EXERCISE GOAL:
The entries below should be set down again exactly, with every picture left out.

[[ PROVIDED DATA open ]]

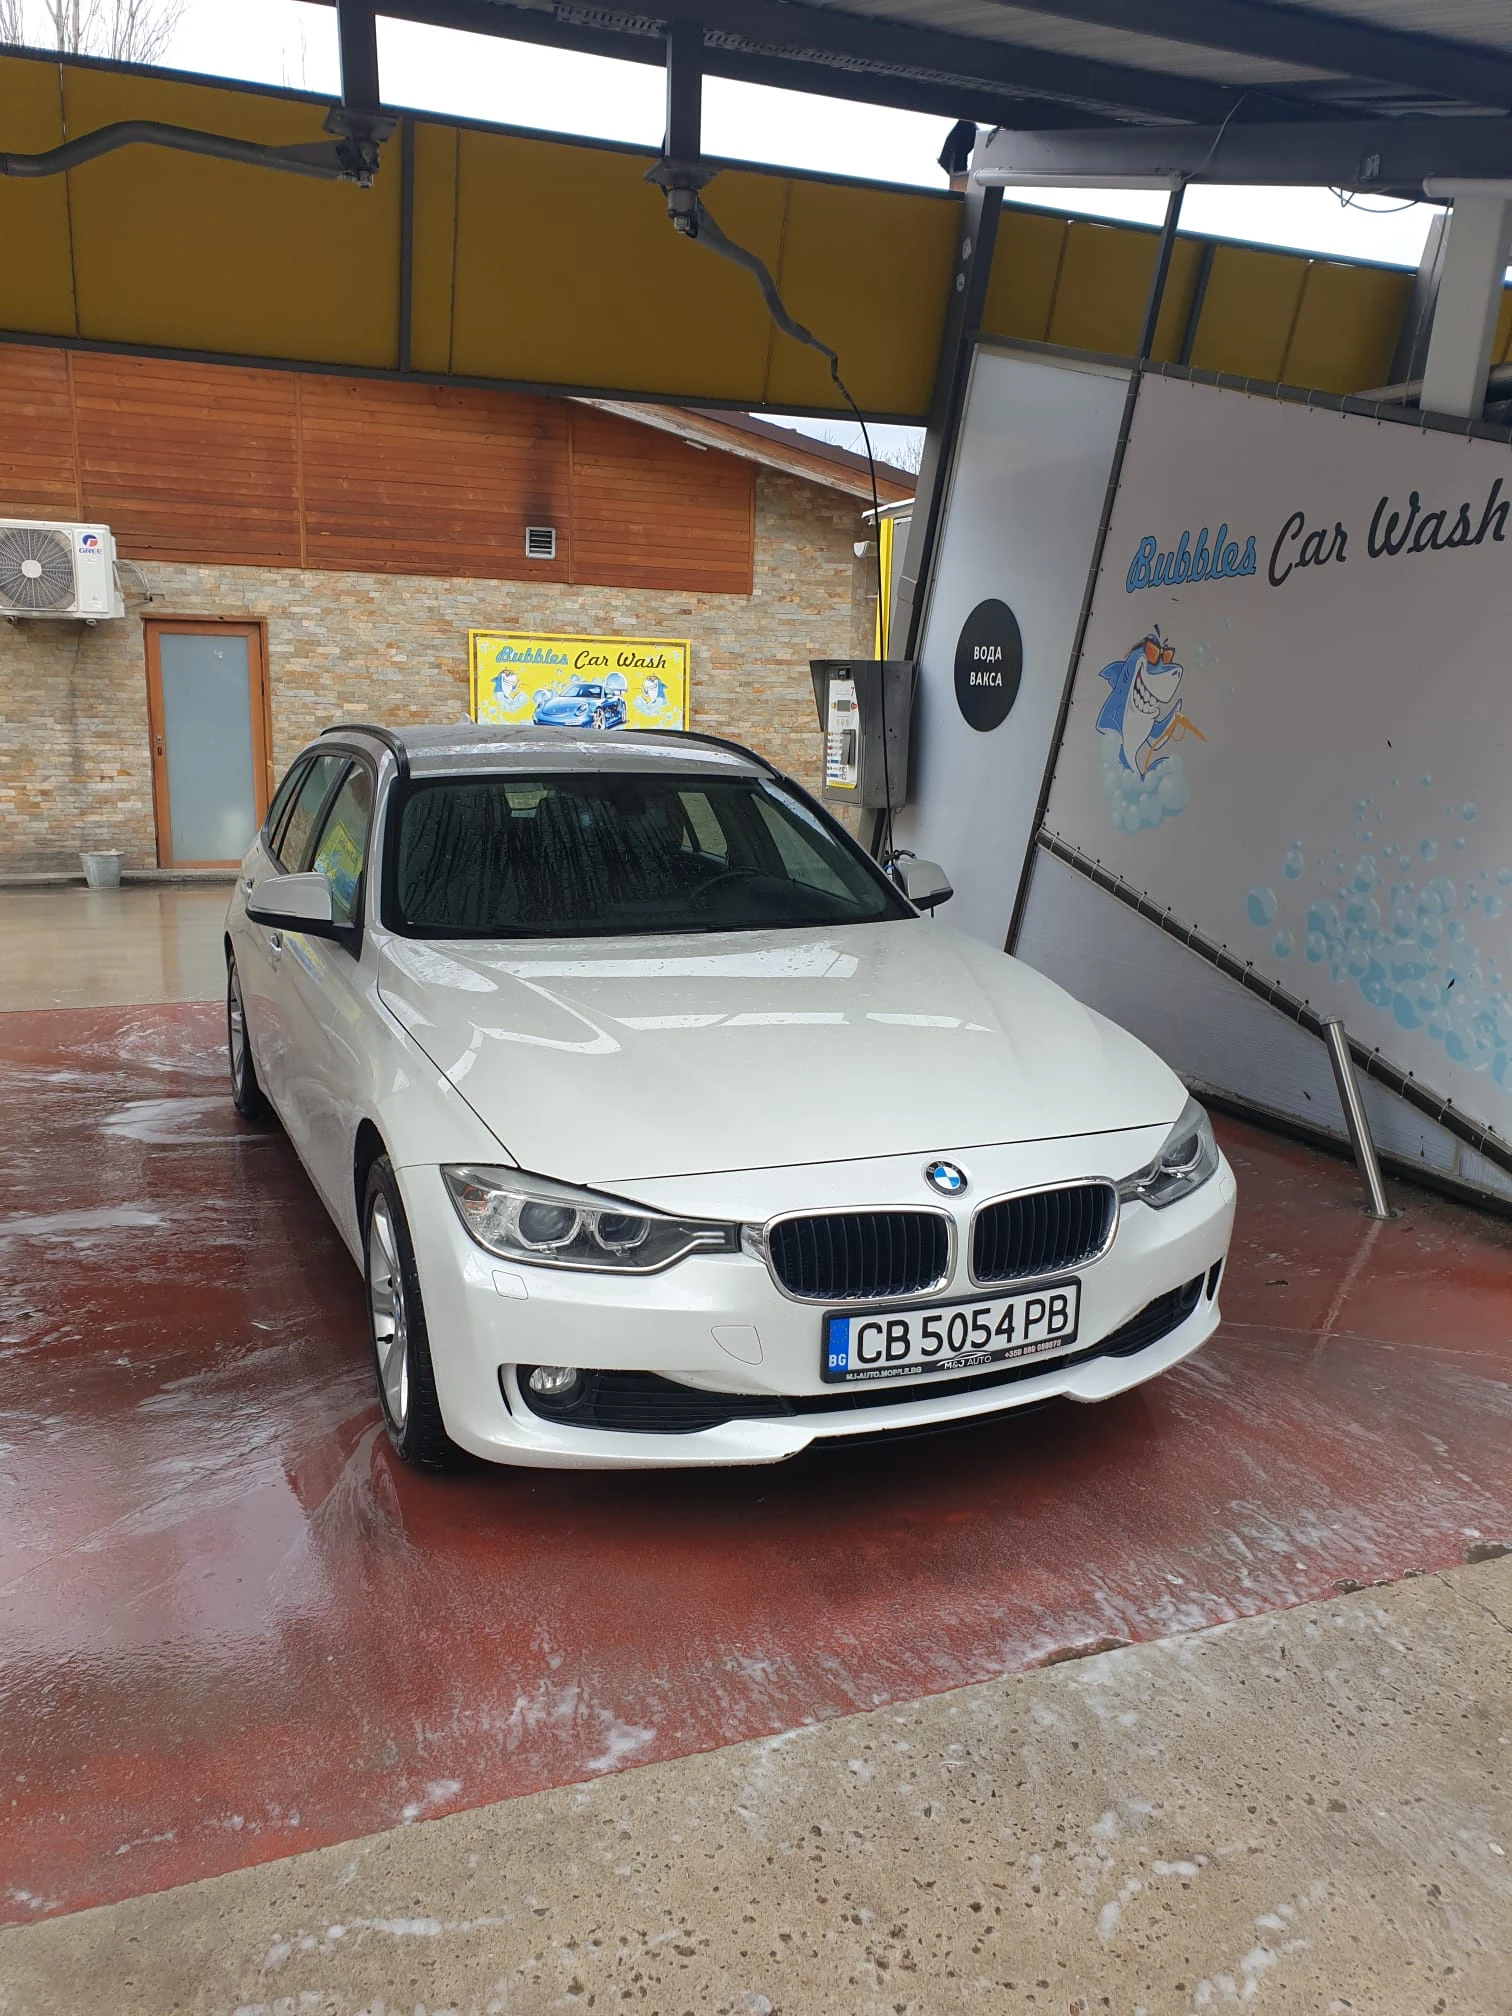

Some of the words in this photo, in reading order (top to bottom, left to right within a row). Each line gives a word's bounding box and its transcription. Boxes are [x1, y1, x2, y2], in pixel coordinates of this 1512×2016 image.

[1126, 523, 1256, 593] Bubbles
[1268, 511, 1347, 587] Car
[1367, 478, 1511, 558] Wash
[495, 645, 569, 665] Bubbles
[574, 650, 610, 669] Car
[616, 652, 667, 669] Wash
[973, 646, 1003, 663] ВОДА
[969, 671, 1003, 687] ВАКСА
[856, 1319, 911, 1365] CB
[920, 1303, 1016, 1356] 5054
[1022, 1293, 1069, 1341] PB
[828, 1354, 847, 1368] BG
[943, 1359, 965, 1370] M&J
[966, 1355, 993, 1367] AUTO

[[ PROVIDED DATA closed ]]

RESPONSE BELOW:
Some of the words in this photo, in reading order (top to bottom, left to right within a row). Each line gives a word's bounding box and its transcription. Boxes are [x1, y1, x2, y2], in pixel coordinates of this 1512×2016 image.

[1126, 523, 1256, 593] Bubbles
[1268, 511, 1347, 587] Car
[1367, 478, 1511, 558] Wash
[495, 645, 569, 665] Bubbles
[574, 650, 610, 669] Car
[616, 652, 667, 669] Wash
[973, 646, 1003, 663] ВОДА
[969, 671, 1003, 687] ВАКСА
[856, 1319, 911, 1365] CB
[920, 1303, 1016, 1356] 5054
[1022, 1293, 1069, 1341] PB
[828, 1354, 847, 1368] BG
[943, 1359, 965, 1370] M&J
[966, 1355, 993, 1367] AUTO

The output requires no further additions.